---------- Dataset records ----------

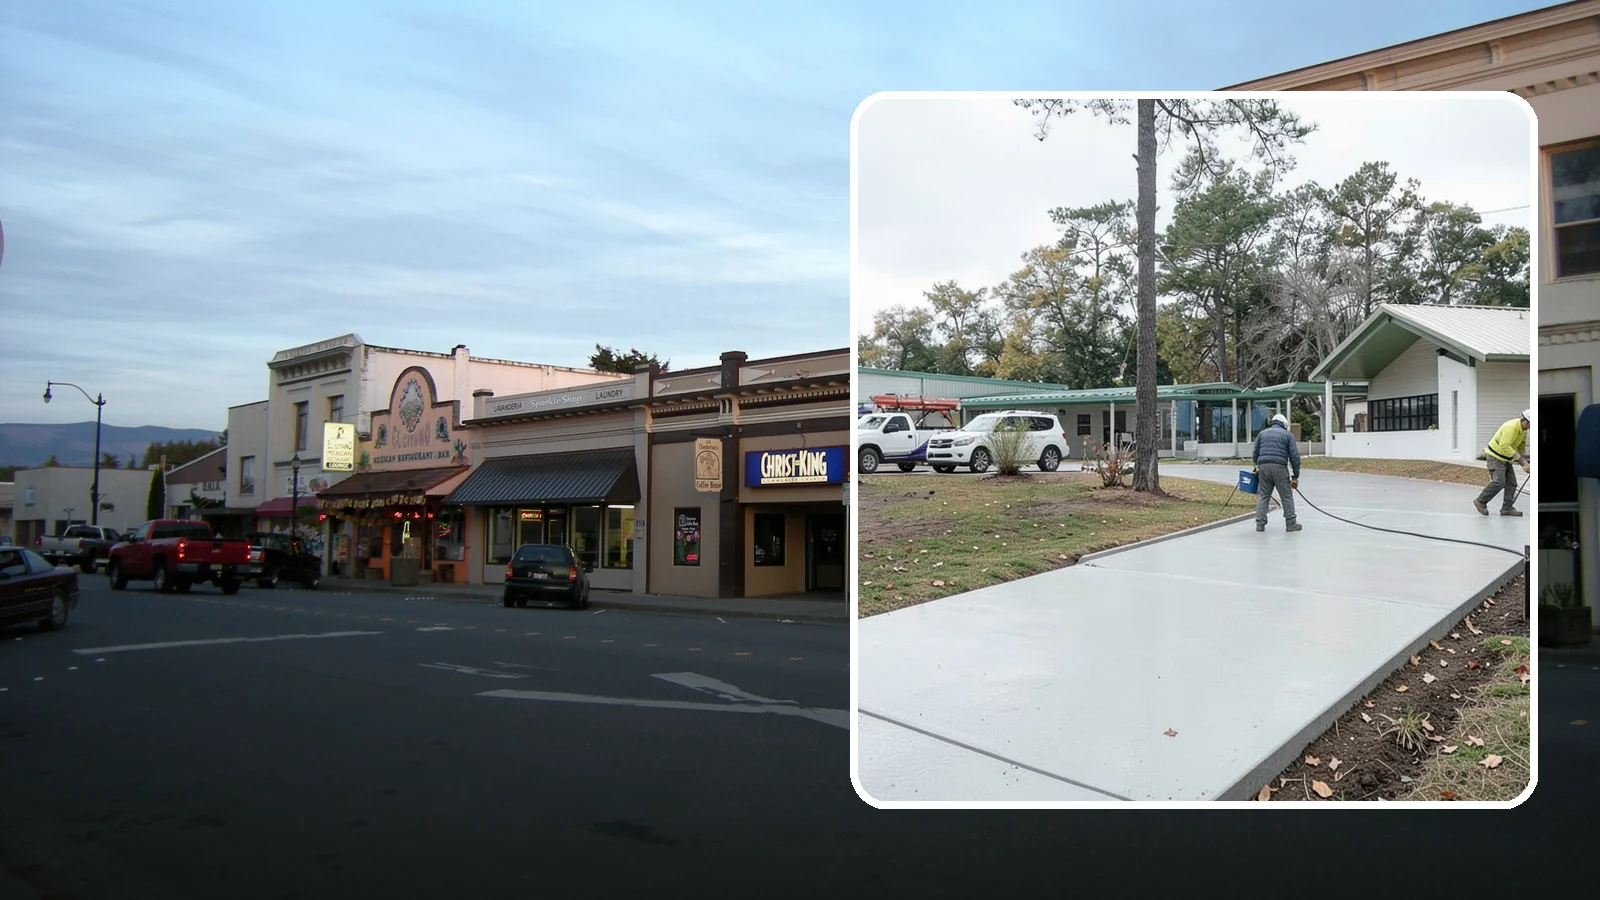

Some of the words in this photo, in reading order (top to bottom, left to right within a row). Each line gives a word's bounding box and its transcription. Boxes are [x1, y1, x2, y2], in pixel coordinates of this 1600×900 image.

[562, 394, 582, 406] Shop
[595, 389, 623, 400] LAUNDRY
[493, 402, 522, 412] LAVANDERIA
[373, 454, 396, 464] MEXICAN
[398, 451, 433, 462] RESTAURANT
[438, 450, 450, 459] BAR
[761, 452, 797, 478] CHRIST
[799, 450, 827, 476] KING

----------

**What you will do:** Copy out the whole listing exactly, and don't carry over any pictures.

**Result:**
Some of the words in this photo, in reading order (top to bottom, left to right within a row). Each line gives a word's bounding box and its transcription. Boxes are [x1, y1, x2, y2], in pixel coordinates of this 1600×900 image.

[562, 394, 582, 406] Shop
[595, 389, 623, 400] LAUNDRY
[493, 402, 522, 412] LAVANDERIA
[373, 454, 396, 464] MEXICAN
[398, 451, 433, 462] RESTAURANT
[438, 450, 450, 459] BAR
[761, 452, 797, 478] CHRIST
[799, 450, 827, 476] KING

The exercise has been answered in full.